How To Split String in Java

There are various ways of splitting string in java using certain delimiter.

1. The most simple one is String.split() method:

String str = "World is wonderful";
String[] split = str.split(" ");
for (int i = 0; i < split.length; i++) {
   System.out.println(split[i]);
}

//Output:
World
is 
wonderful

2. Guava Splitter.split()

String str = "World is wonderfull";
Iterable split = Splitter.on(' ').split(str);
split.forEach(System.out::println);

//Output:
World
is 
wonderful

3. ApacheCommons StringUtils.split()

 
String str = "World is wonderfull";
String[] split = StringUtils.split(str, ' ');
for (int i = 0; i < split.length; i++) {
   System.out.println(split[i]);
}

//Output:
World
is 
wonderful
[addToAppearHere]

Let’s compare the performance for a different size of input tokens.

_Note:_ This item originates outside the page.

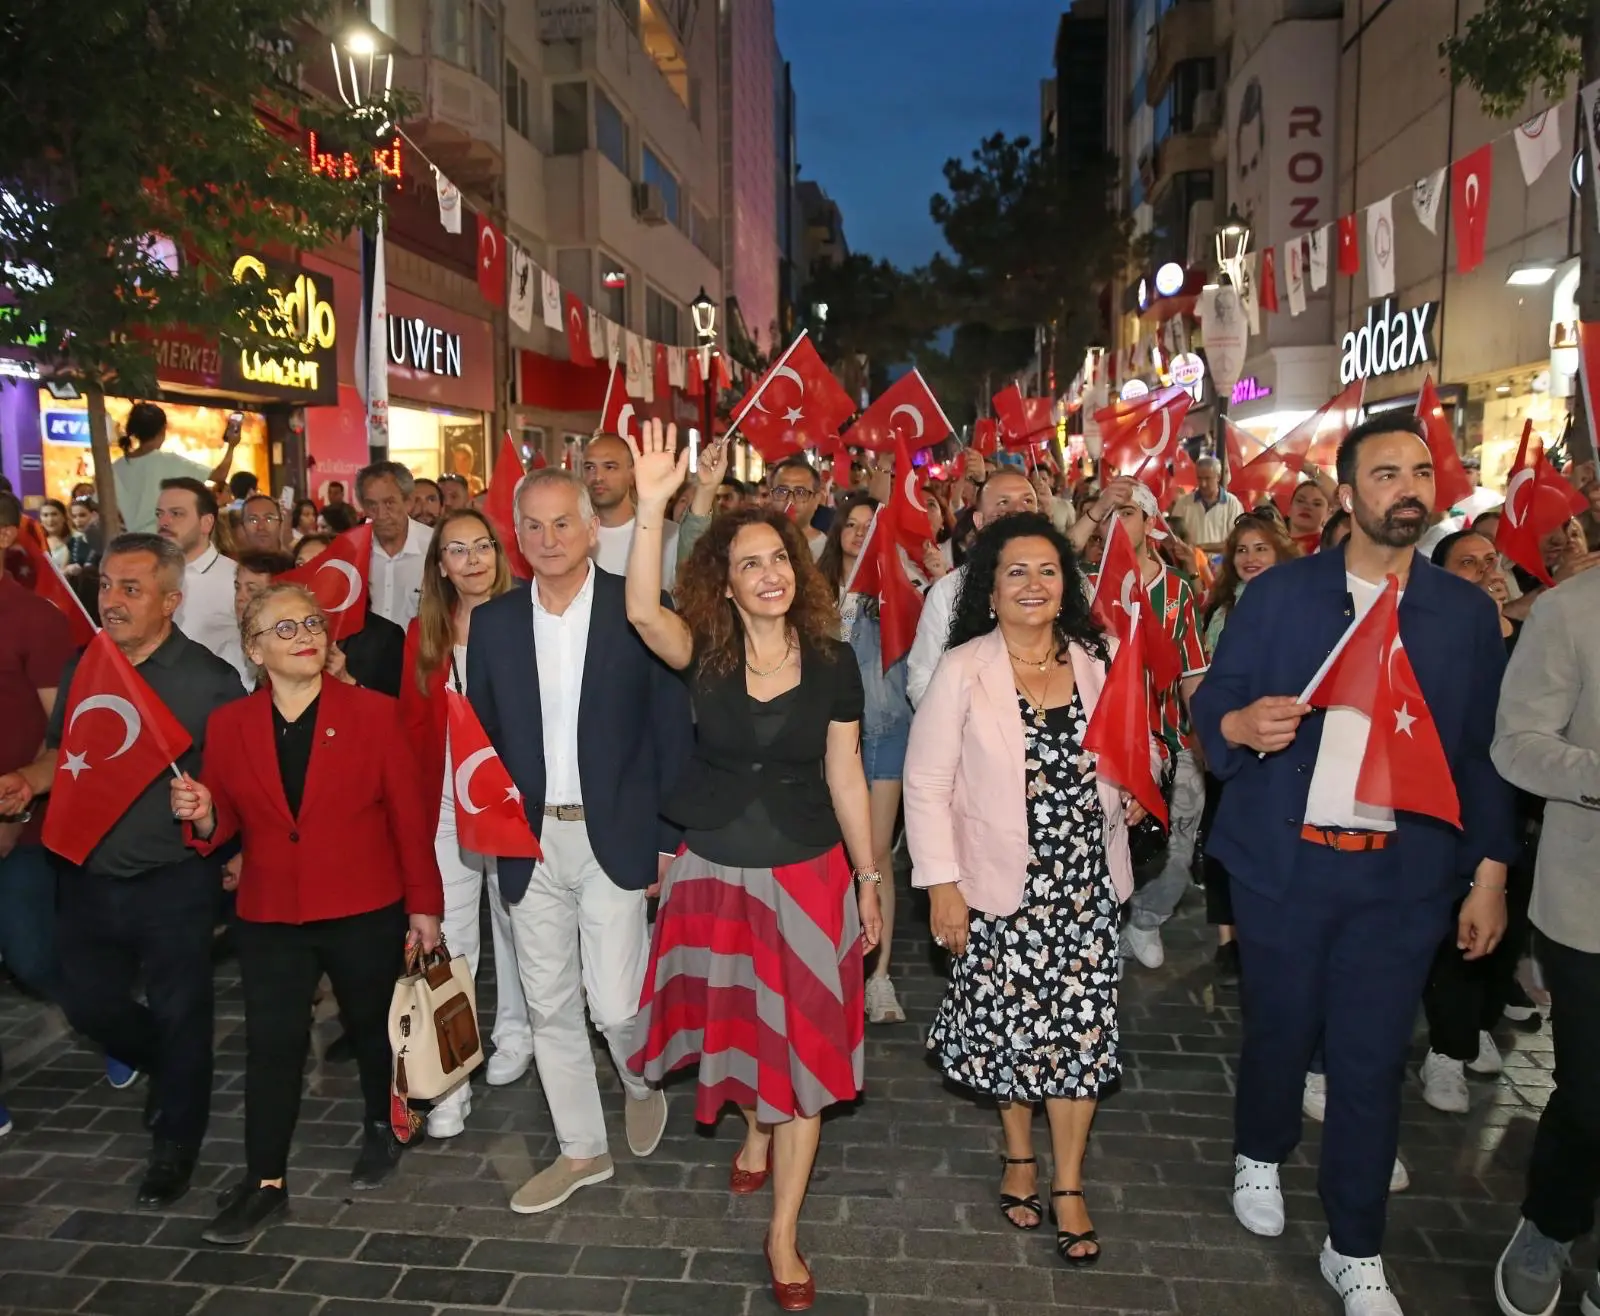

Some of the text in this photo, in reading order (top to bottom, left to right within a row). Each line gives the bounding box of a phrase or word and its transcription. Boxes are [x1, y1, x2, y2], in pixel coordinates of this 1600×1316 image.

Consider two cases when str contains
A. 10000 tokens
B. 10000000 tokens

//Java String.split()
long start = System.currentTimeMillis();
String[] splitJava = str.split(",");
for (int i = 0; i < splitJava.length; i++) {
   splitJava[i].length();
}
long end = System.currentTimeMillis();
System.out.println("Java String#split time = " + (end - start) +"ms");
//Guava Splitter.split()
start = System.currentTimeMillis();
Iterable split = Splitter.on(',').split(str);
for (String s : split) {
   s.length();
}
end = System.currentTimeMillis();
System.out.println("Guava Splitter.split() time = " + (end - start) + "ms");
//Apache Commons StringUtils.split()
start = System.currentTimeMillis();
splitJava = StringUtils.split(str, ',');
for (int i = 0; i < splitJava.length; i++) {
   splitJava[i].length();
}
end = System.currentTimeMillis();
System.out.println("Apache StringUtils.split() time = " + (end - start) + "ms");

For case A. (10000 tokens) will have the following output

Java String.split() time = 8ms
Guava Splitter.split() time = 47ms
Apache StringUtils.split() time = 11ms

For case B. (10000000):

Java String.split() time = 16153ms
Guava Splitter.split() time = 1149ms
Apache StringUtils.split() time = 8391ms

So for small number of tokens String.split() and StringUtils.split() are faster, but for big number of tokens Guava’s Splitter.split() shows better performance.